(Stored entries)

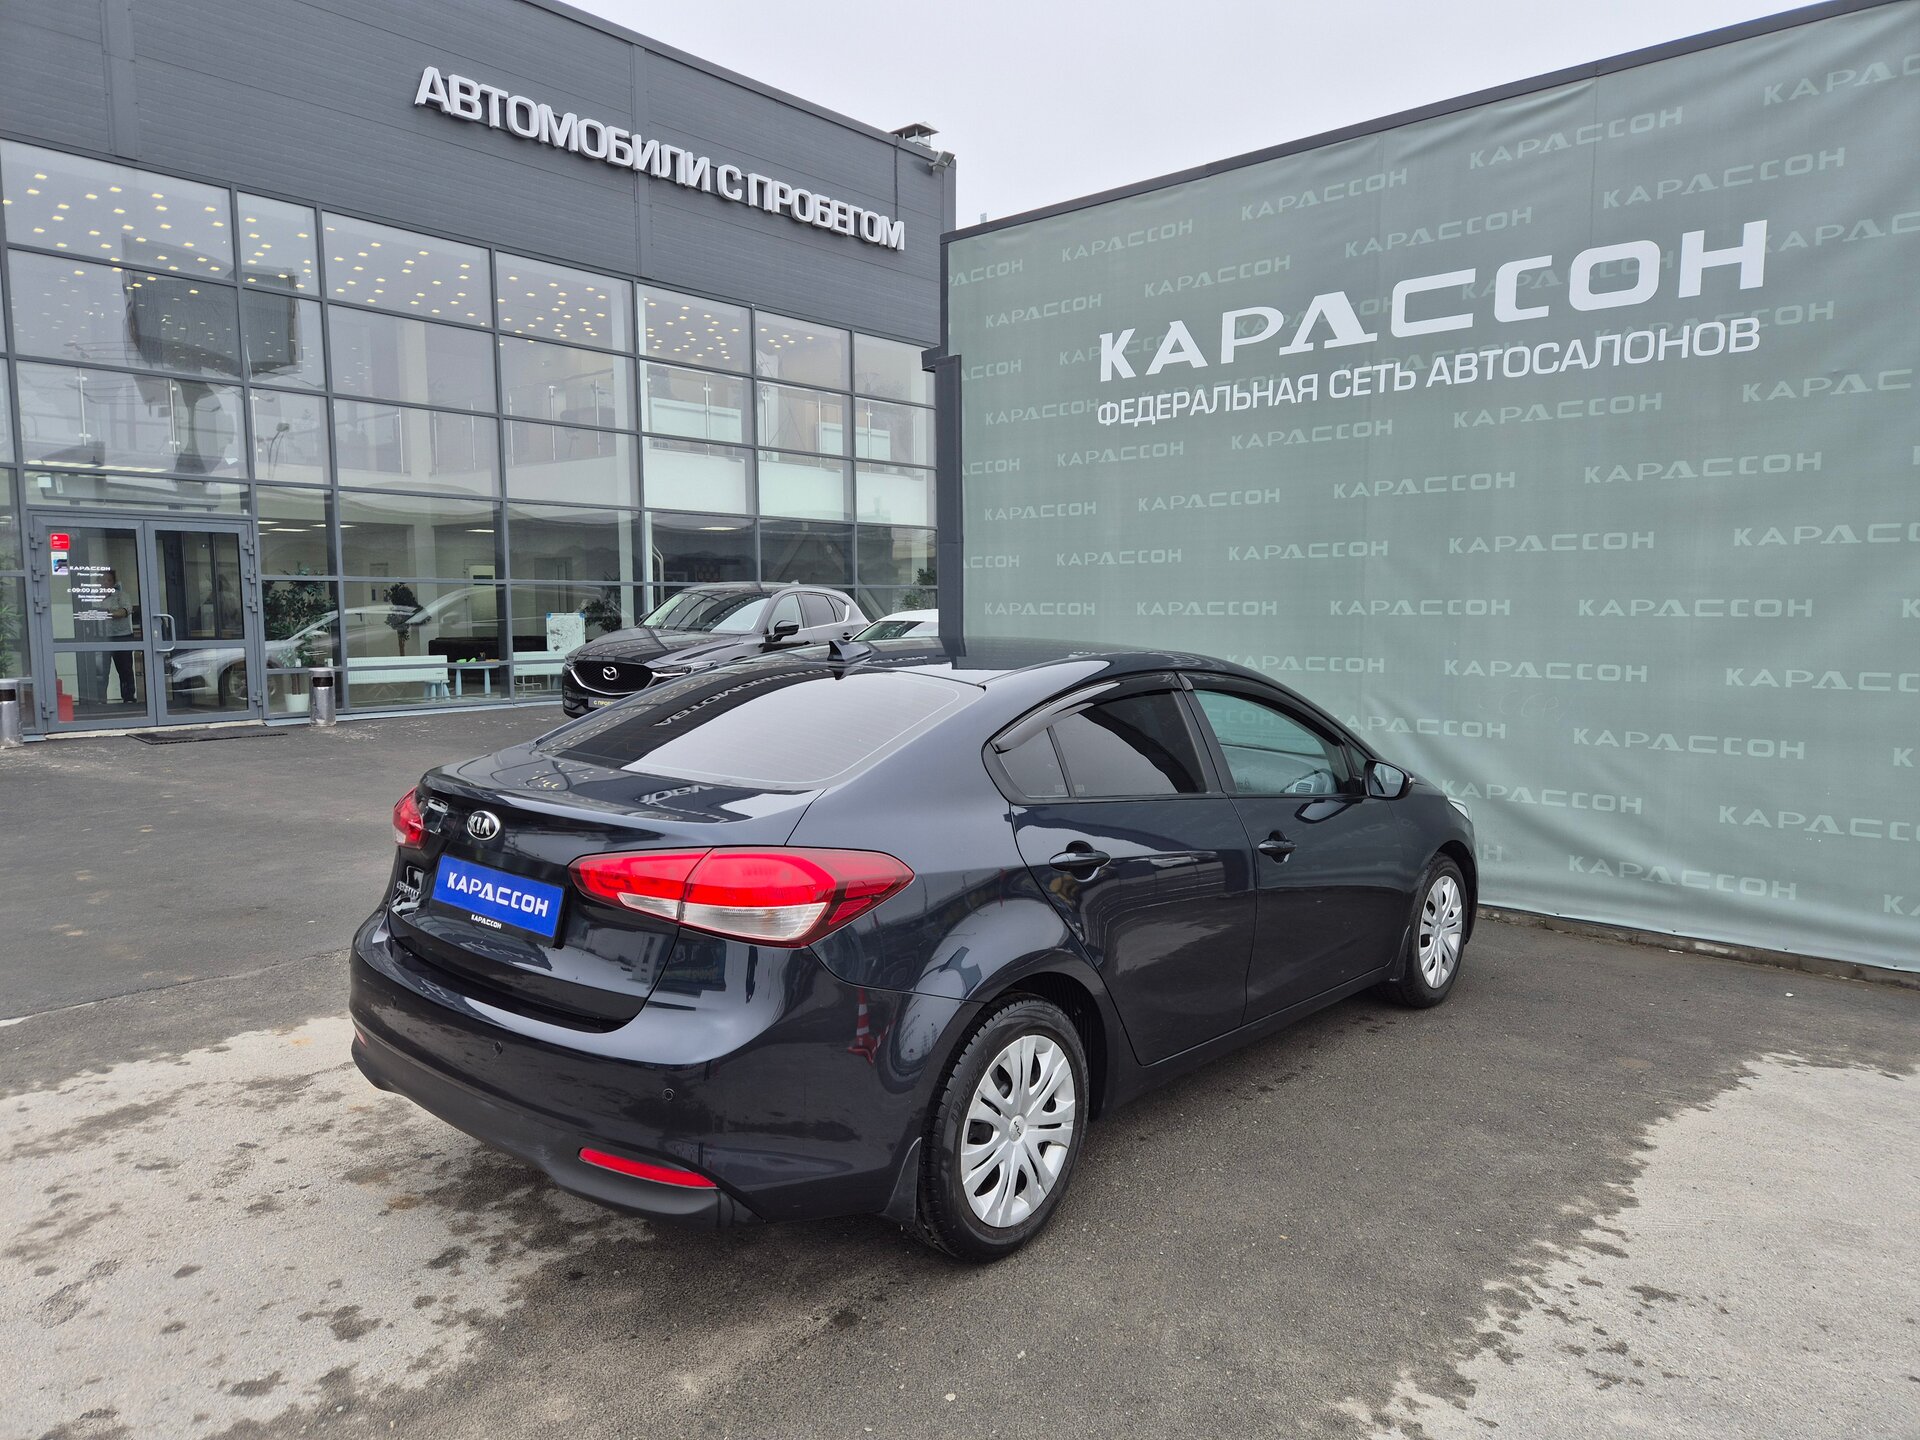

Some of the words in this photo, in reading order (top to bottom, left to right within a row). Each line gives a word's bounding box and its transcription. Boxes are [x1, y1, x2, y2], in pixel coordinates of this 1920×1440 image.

[1469, 106, 1684, 170] КАРАССОН
[414, 66, 711, 193] АВТОМОБИЛИ
[717, 164, 743, 201] С
[747, 173, 905, 252] ПРОБЕГОМ
[1602, 147, 1846, 210] КАРАССОН
[1242, 168, 1408, 222] КАРАССОН
[1061, 219, 1194, 263] КАРАССОН
[1345, 206, 1533, 259] КАРАССОН
[1144, 255, 1291, 298] КАРАССОН
[985, 293, 1103, 329] КАРАССОН
[1099, 219, 1768, 382] КАРАССОН
[1097, 373, 1318, 427] ФЕДЕРАЛЬНАЯ
[1328, 362, 1417, 399] СЕТЬ
[1426, 317, 1760, 388] АВТОСАЛОНОВ
[1454, 392, 1663, 429] КАРАССОН
[1232, 419, 1394, 451] КАРАССОН
[1057, 441, 1185, 467] КАРАССОН
[1584, 452, 1823, 484] КАРАССОН
[1138, 488, 1281, 512] КАРАССОН
[1334, 472, 1516, 500] КАРАССОН
[985, 501, 1097, 521] КАРАССОН
[1057, 549, 1183, 567] КАРАССОН
[1229, 540, 1389, 562] КАРАССОН
[1449, 531, 1655, 555] КАРАССОН
[985, 602, 1096, 616] КАРАССОН
[1137, 600, 1278, 616] КАРАССОН
[1330, 599, 1511, 616] КАРАССОН
[1579, 598, 1813, 618] КАРАССОН
[1444, 659, 1648, 683] КАРАССОН
[1573, 728, 1806, 761] КАРАССОН
[467, 815, 491, 836] KIA
[446, 871, 550, 918] КАРАССОН
[470, 914, 503, 930] КАРАССОН

> **TASK**
The entries above need to be printed again exactly; please exclude all pictures.

> **WRITTEN SOLUTION**
Some of the words in this photo, in reading order (top to bottom, left to right within a row). Each line gives a word's bounding box and its transcription. Boxes are [x1, y1, x2, y2], in pixel coordinates of this 1920×1440 image.

[1469, 106, 1684, 170] КАРАССОН
[414, 66, 711, 193] АВТОМОБИЛИ
[717, 164, 743, 201] С
[747, 173, 905, 252] ПРОБЕГОМ
[1602, 147, 1846, 210] КАРАССОН
[1242, 168, 1408, 222] КАРАССОН
[1061, 219, 1194, 263] КАРАССОН
[1345, 206, 1533, 259] КАРАССОН
[1144, 255, 1291, 298] КАРАССОН
[985, 293, 1103, 329] КАРАССОН
[1099, 219, 1768, 382] КАРАССОН
[1097, 373, 1318, 427] ФЕДЕРАЛЬНАЯ
[1328, 362, 1417, 399] СЕТЬ
[1426, 317, 1760, 388] АВТОСАЛОНОВ
[1454, 392, 1663, 429] КАРАССОН
[1232, 419, 1394, 451] КАРАССОН
[1057, 441, 1185, 467] КАРАССОН
[1584, 452, 1823, 484] КАРАССОН
[1138, 488, 1281, 512] КАРАССОН
[1334, 472, 1516, 500] КАРАССОН
[985, 501, 1097, 521] КАРАССОН
[1057, 549, 1183, 567] КАРАССОН
[1229, 540, 1389, 562] КАРАССОН
[1449, 531, 1655, 555] КАРАССОН
[985, 602, 1096, 616] КАРАССОН
[1137, 600, 1278, 616] КАРАССОН
[1330, 599, 1511, 616] КАРАССОН
[1579, 598, 1813, 618] КАРАССОН
[1444, 659, 1648, 683] КАРАССОН
[1573, 728, 1806, 761] КАРАССОН
[467, 815, 491, 836] KIA
[446, 871, 550, 918] КАРАССОН
[470, 914, 503, 930] КАРАССОН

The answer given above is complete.